İlk yarıda sahada başka dertler de vardı.

Fenerbahçe’nin ileri uçtaki iki yabancı işçisi, Jhon Duran ve En Nesyri, ceza sahasının uzağında, adeta sürgünde dolaştılar. Onları topla buluşturmadan yargılamak haksızlık; çünkü golcü, ekmeğini ceza sahasında arar.

Bu tabloyu değiştirecek olan, pası düşünmek, doğru yerdeki adama topu ulaştırmak. Ama Fenerbahçe’nin orta sahasında bunu düşünecek akıl, henüz yerine oturmuş değil.

♦♦♦♦♦

Talisca’ya ayrı bir parantez açmalı. Fizik olarak toparlamış, belli. Ayağına top geldiğinde tek düşündüğü şey, kaleyi yıkmak.

Bu, onun doğası. Ama Fenerbahçe’nin 10 numarasıysan, sadece vurucu güç değil, aynı zamanda sahadaki şef olmalısın.

Golün kadar, asistin de tarih yazar. Dün geceki kafa golü güzeldi ama yapamadığı pas, sahadaki hikayeyi eksiltti.

♦♦♦♦♦

İsmail Yüksek’e gelince... Fenerbahçe’nin neden Edson Alvarez’e ihtiyacı olduğunu da gösterdi aslında.

İsmail, sağlıklı olduğunda değerli; çünkü rakibin yüreğine korku salıyor, savunmayı rahatlatıyor. Ama modern futbol, sadece top kapmayı değil, oyunu kurmayı da istiyor. Orada hala bir eksik var.

İkinci yarıda Fenerbahçe biraz nefes aldı. İlk kez topu kaleye vurmak yerine pası düşündüler, işte o an ikinci gol geldi. Talisca fişi çekti.
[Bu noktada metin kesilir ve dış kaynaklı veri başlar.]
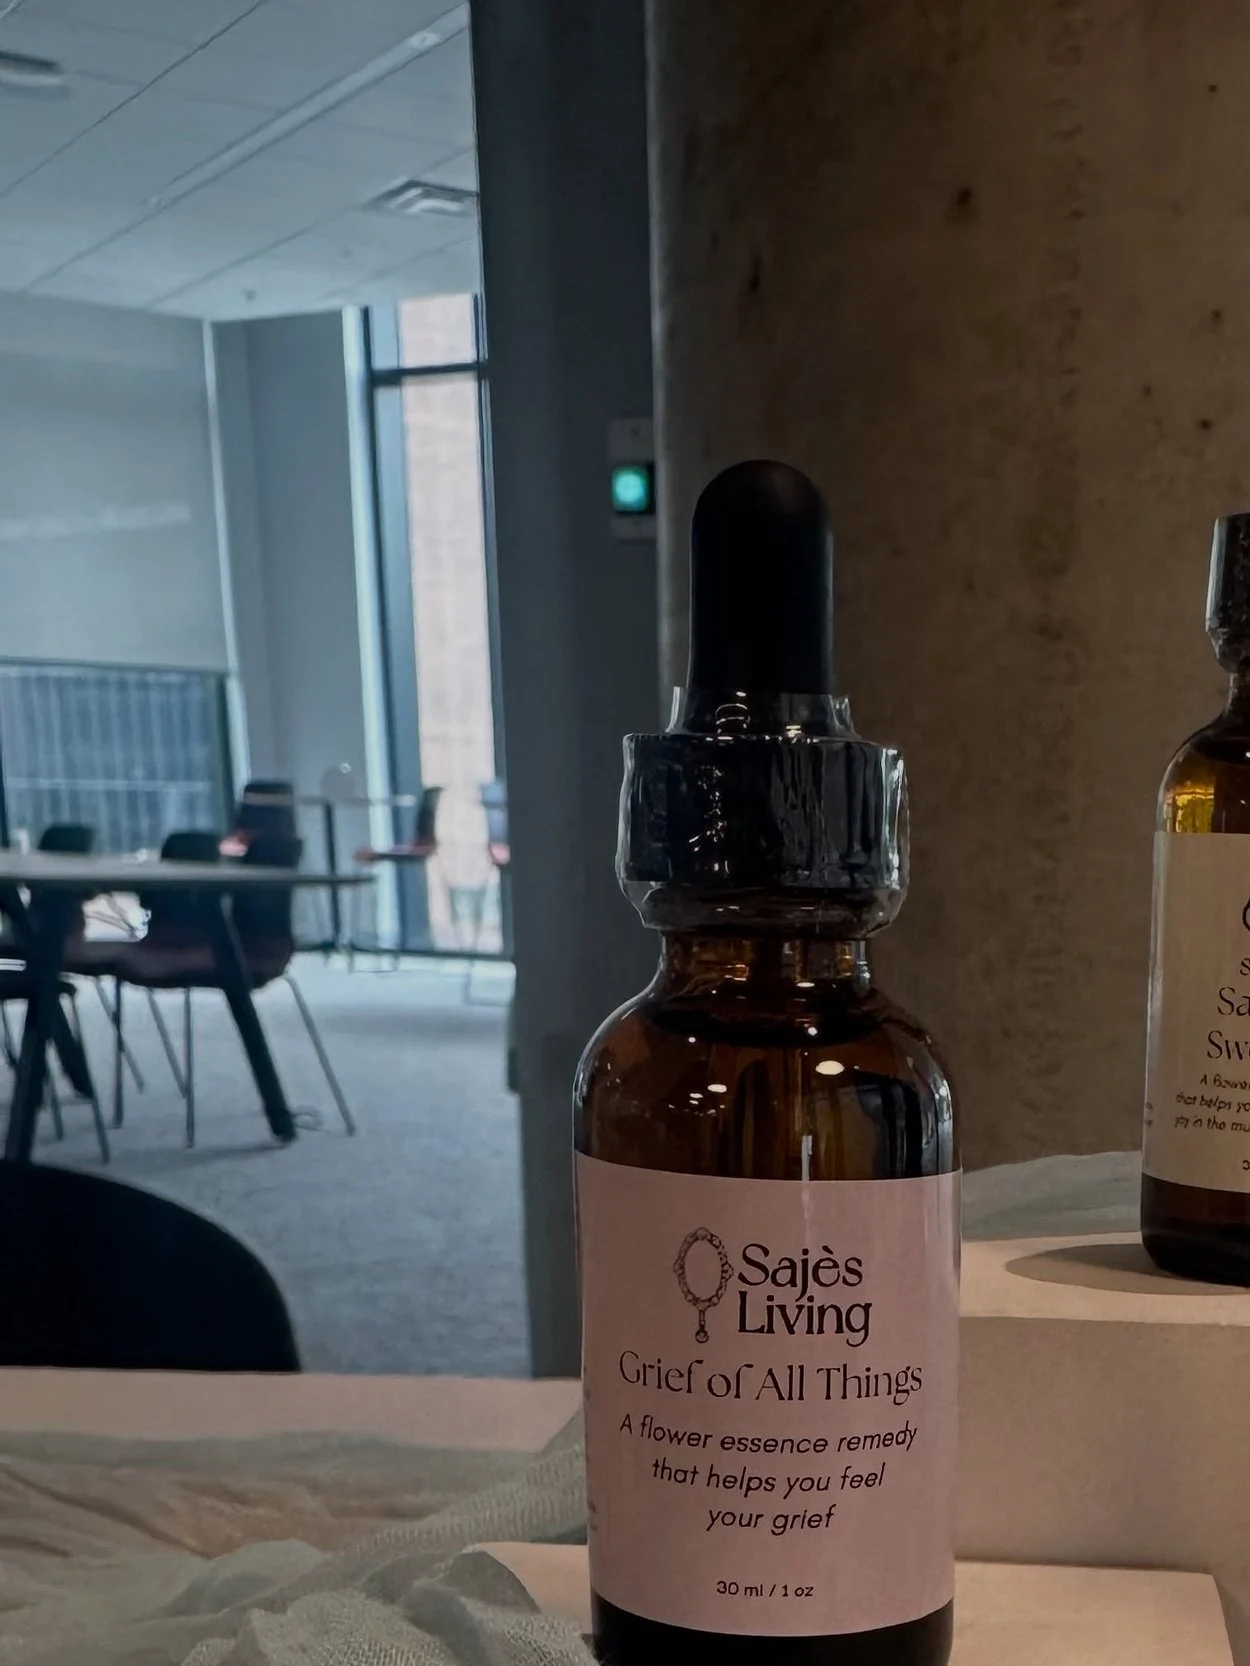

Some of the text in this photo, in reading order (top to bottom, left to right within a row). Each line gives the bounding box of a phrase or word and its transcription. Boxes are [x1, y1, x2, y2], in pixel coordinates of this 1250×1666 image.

[1200, 1074, 1208, 1086] A
[1200, 1095, 1232, 1111] helps
[1207, 1117, 1226, 1131] the
[737, 1243, 864, 1302] Sajès
[737, 1290, 873, 1348] Living
[619, 1350, 923, 1406] Grief of All Things
[619, 1413, 918, 1454] A flower essence remedy
[652, 1457, 886, 1499] that helps you feel
[705, 1504, 837, 1536] your grief
[716, 1581, 814, 1598] 30 ml / 1 oz
Kocaelispor’un direnci kırıldı.

Fenerbahçe galip geldi ama oyun hala eksik. Çünkü kenardan akan hücum, bir nehir gibi sürekli aynı yatağı izliyor. Oyunu merkezden kurma alternatifin olmazsa, o nehir kuruyabilir.

♦♦♦♦♦

Bu maç, Fenerbahçe için yorgunluğun ve Benfica rövanşının gölgesinde oynandı. Fenerbahçeli oyuncular buna rağmen istekliydi ve galibiyeti kopardı. Kocaelispor ise sahaya futboluyla değil, tribünüyle damga vurdu. Onların yapması gereken, tribündeki coşkuyu sahaya indirmek.

Kocaelispor’un yolu uzun, Fenerbahçe’nin işi ağır. Ama bu oyunun güzelliği de burada. Futbol, kaybedene küsmeyen; kazanana ise “yetmez” diyen tek hakemdir.